Data items
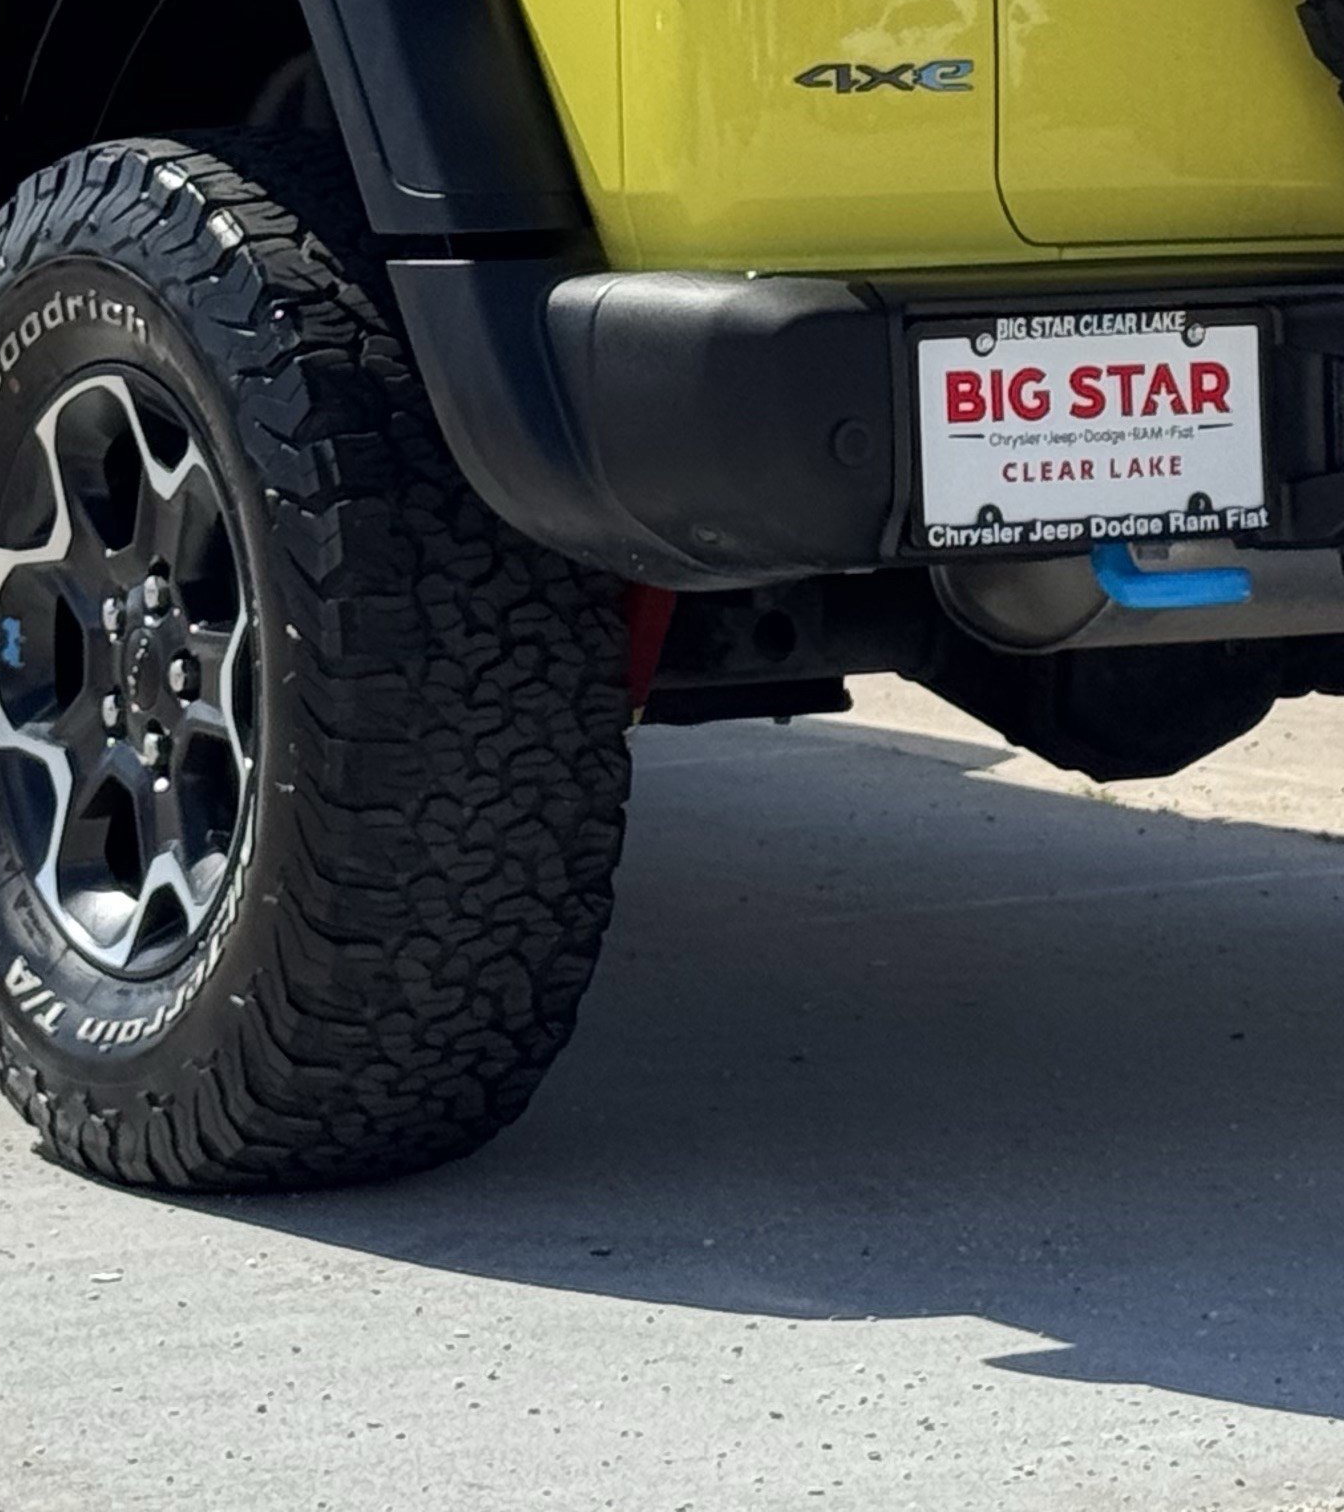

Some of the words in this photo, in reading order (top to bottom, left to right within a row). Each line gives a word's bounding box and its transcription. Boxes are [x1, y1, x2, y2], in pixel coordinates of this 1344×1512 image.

[996, 316, 1027, 339] BIG
[1030, 315, 1076, 338] STAR
[1080, 312, 1137, 336] CLEAR
[1140, 310, 1187, 333] LAKE
[945, 366, 1051, 424] BIG
[1069, 361, 1231, 419] STAR
[1002, 458, 1095, 482] CLEAR
[1109, 455, 1183, 479] LAKE
[928, 523, 1024, 548] Chrysler
[1029, 520, 1084, 543] Jeep
[1090, 515, 1164, 538] Dodge
[1169, 510, 1221, 533] Ram
[1226, 506, 1269, 529] Fiat
[4, 954, 67, 1034] T/A
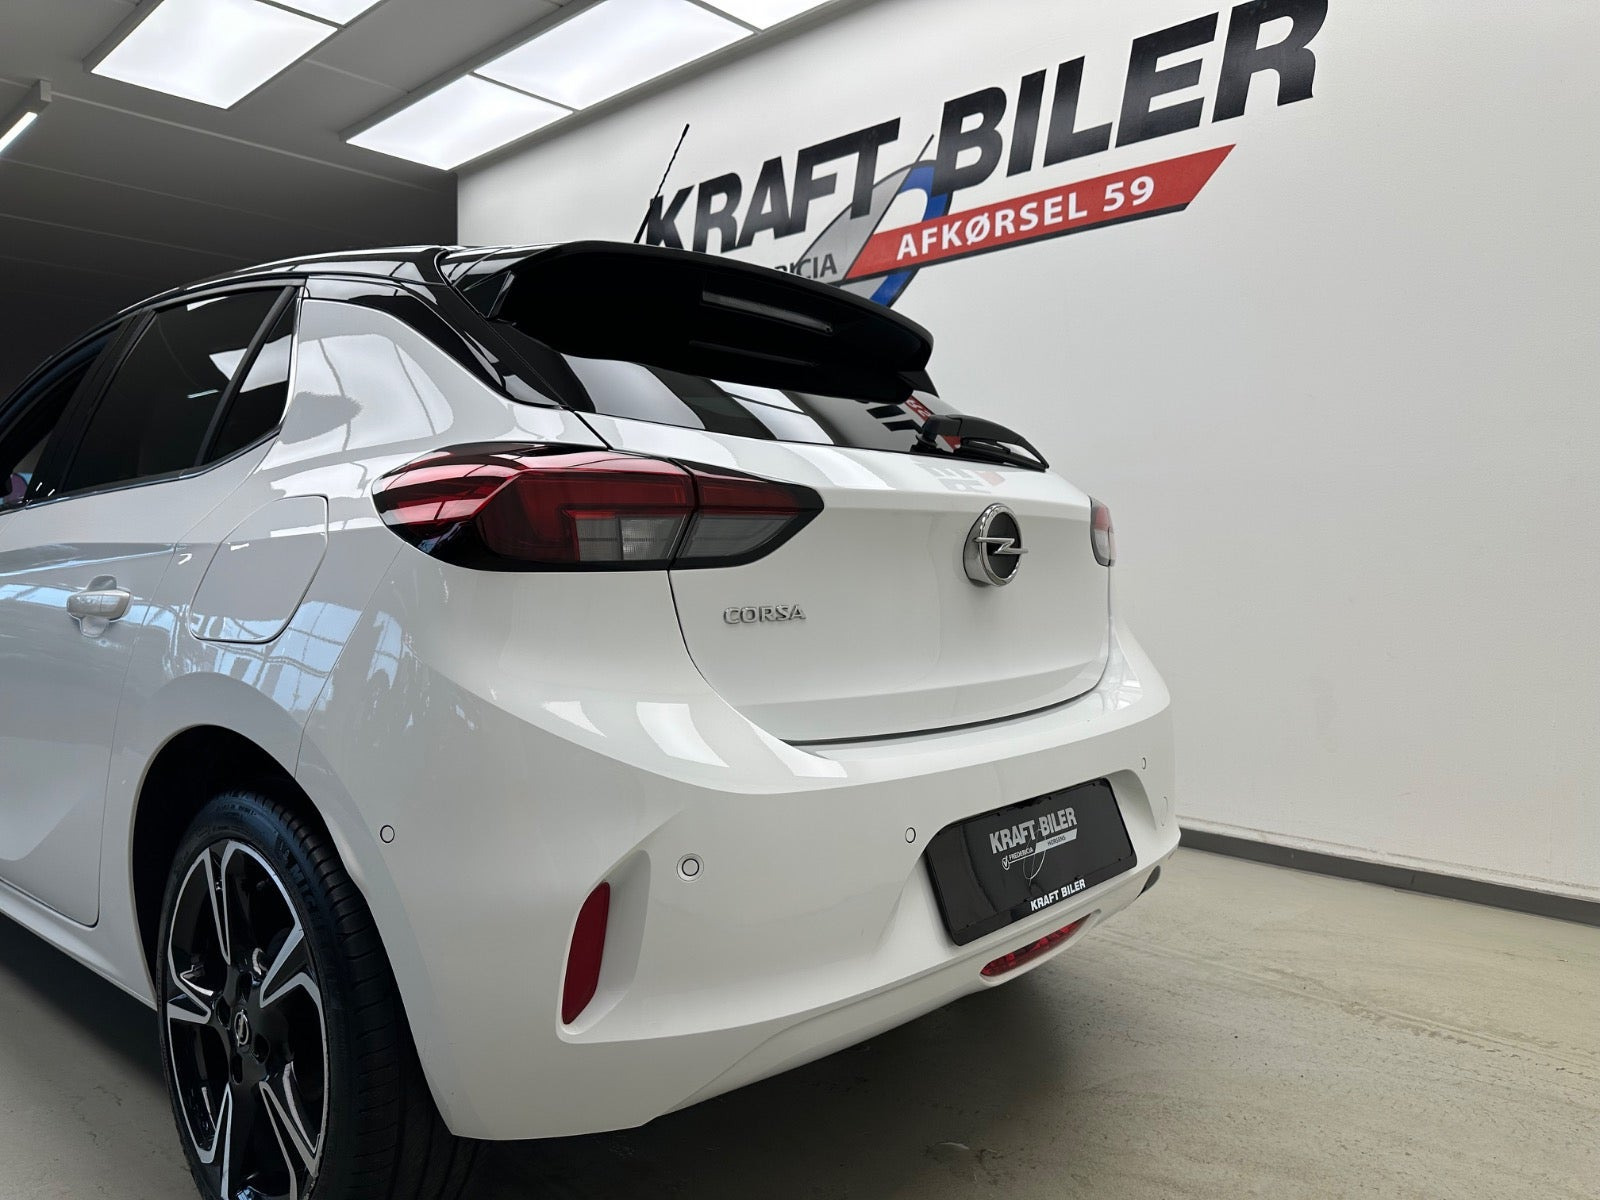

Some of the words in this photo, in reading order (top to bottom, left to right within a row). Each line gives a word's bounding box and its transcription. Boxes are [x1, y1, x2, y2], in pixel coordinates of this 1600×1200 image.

[646, 117, 901, 253] KRAFT
[931, 0, 1328, 196] BILER
[896, 198, 1087, 261] AFKØRSEL
[1103, 176, 1154, 212] 59
[723, 605, 807, 624] CORSA
[989, 820, 1036, 854] KRAFT
[1039, 807, 1077, 836] BILER
[1030, 890, 1060, 911] KRAFT
[1061, 879, 1086, 898] BILER

> What to do: Exact copies of the lines from the one holding "this 1600×1200 image." through the last line above, and only those, make up the answer.

> Output of the exercise:
Some of the words in this photo, in reading order (top to bottom, left to right within a row). Each line gives a word's bounding box and its transcription. Boxes are [x1, y1, x2, y2], in pixel coordinates of this 1600×1200 image.

[646, 117, 901, 253] KRAFT
[931, 0, 1328, 196] BILER
[896, 198, 1087, 261] AFKØRSEL
[1103, 176, 1154, 212] 59
[723, 605, 807, 624] CORSA
[989, 820, 1036, 854] KRAFT
[1039, 807, 1077, 836] BILER
[1030, 890, 1060, 911] KRAFT
[1061, 879, 1086, 898] BILER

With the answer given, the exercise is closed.